With bolts of bones, that fettered sands
In feet; and manacled in hands. (Marvel 1699)
This stands in a sharp contrast to the previously mentioned poem by Chaucer, in which the situation was described with the help of the emotions which the character felt: by saying “Strive not like the crockery with the wall” (317), Chaucer’s character makes the reader taste sweet hope.
The human emotion palette in Marvel’s case is just as bright as in Chaucer’s poem: there is despair “O, who shall from this dungeon raise/A soul enslaved so many ways?” (Marvel 1699), fear: “And then the pasty shakes of fear” (Marvel 1699), doubt: “” (Marvel 1699), pity: “sorrow others’ madness vex” (Marvel 1699), sorrow: “That to preserve which me destroys” (Marvel 1699), desire and thankfulness: “What’s worse, the cure” (Marvel 1699).
However, the emotions are triggered by quite different factors, and, which is more important, by different factors. In addition, the given emotions cannot be considered the “standard” response to the described situation; unlike in Chaucer’s case, they serve rather to tell about the characters and the way they respond to the situation than to focus on the intensity of the feeling.
It is peculiar that in Marvell’s poem, there is yet no trace of the idea that emotions to the same issue can vary depending on the personality features and the specifics of the character, which will be further on discovered by Pope. Nevertheless, it is worth noting that in both poems, the emotions are rather negative (fear, despair, sorrow, etc.)
Finally, addressing Pope’s The Rape of the Lock, one must mention that in the given work, emotions finally start serving to depict the character’s growth: while at first, Belinda feels indignation about the lock which has been cut off, at the end of the poem, she is further on happy finding the man whom she is going to marry (Pope 2513).
Basically leaving the same cast of emotions, Pope uses them for a different purpose, namely, showing the characters’ development, which can be considered another standpoint of the use of emotions in literature. Although Alexander Pope’s The Rape of the Lock, Andrew Marvel’s A Dialogue between the Soul and Body, and Geoffrey Chaucer’s Truth were written on completely different time slots.
In absolutely different eras and with quite different ideas in mind, the emotions which the characters of the literary works have are quite the same – these are anger, which has filled people since the prehistoric times, happiness, which people are able to express as soon as they are born, for even newborn babies can smile and feel content; disappointment, which has filled anyone at least a single time in their lives.
However, the causes of these emotions have shaped over the centuries, which shows that the complexity of people’s characters develops over time. Therefore, the specifics of people’s emotions is depicted in a more graphic way in the literature which was written comparatively recently.

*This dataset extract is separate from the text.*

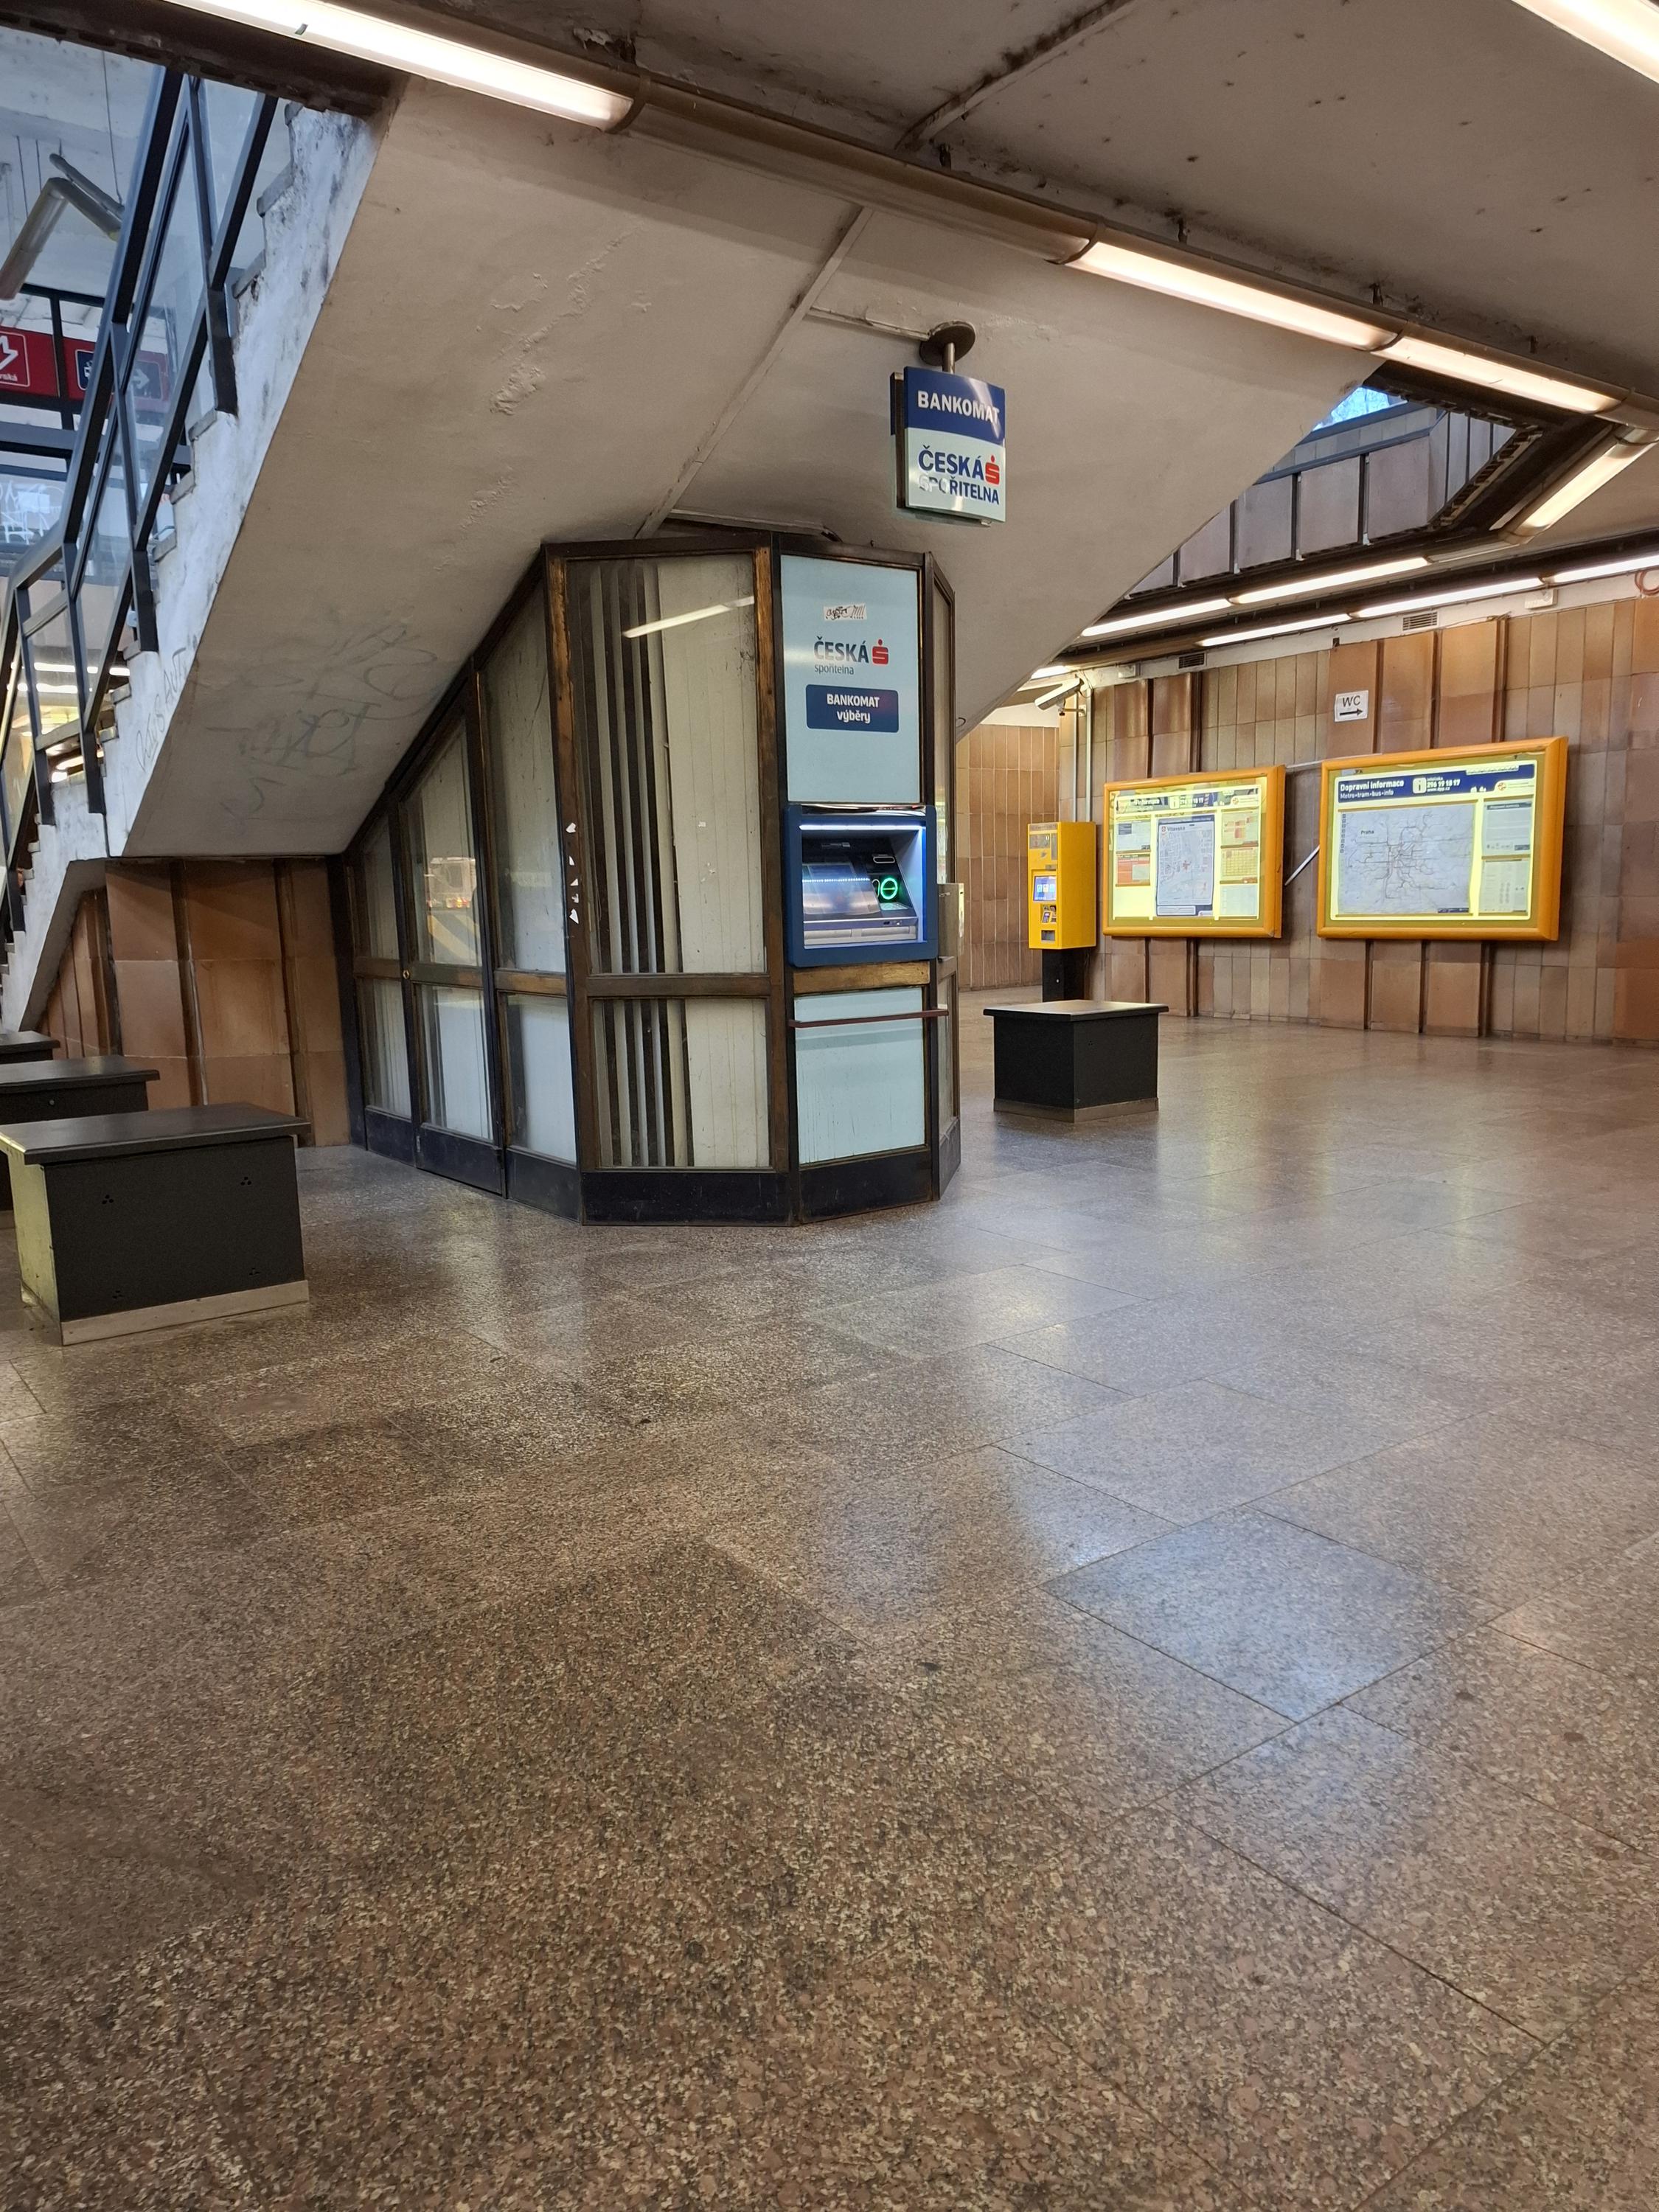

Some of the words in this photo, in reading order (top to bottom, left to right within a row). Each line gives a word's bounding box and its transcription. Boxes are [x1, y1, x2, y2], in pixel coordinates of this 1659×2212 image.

While in the works which belong to the Middle Ages, the cause–emotion chain is relatively simple, i.e., the things which cause the characters’ joy are obviously the typical things that would cause anyone’s joy, the emotions of the characters of more recent poems and novels are much more unexpected and rather show the complexity of the character than serve as an indication of a funny or sad scene.
Shifting the emphasis from the situation onto the character, such authors as Pope tend to explore human nature than to denote a storyline or to create a specific atmosphere.
Chaucer, Geoffrey. “Truth.” The Norton Anthology of English Literature. Vol. 1. 9th ed. New York, NY: Norton & Company, 2012. 317. Print.
Marvel, Andrew. “A Dialogue between the Soul and Body.” The Norton Anthology of English Literature. Vol. 1. 9th ed. New York, NY: Norton & Company, 2012. 1699. Print.
Pope, Alexander. “The Rape of the Lock.” The Norton Anthology of English Literature. Vol. 1. 9th ed. New York, NY: Norton & Company, 2012. 2513. Print.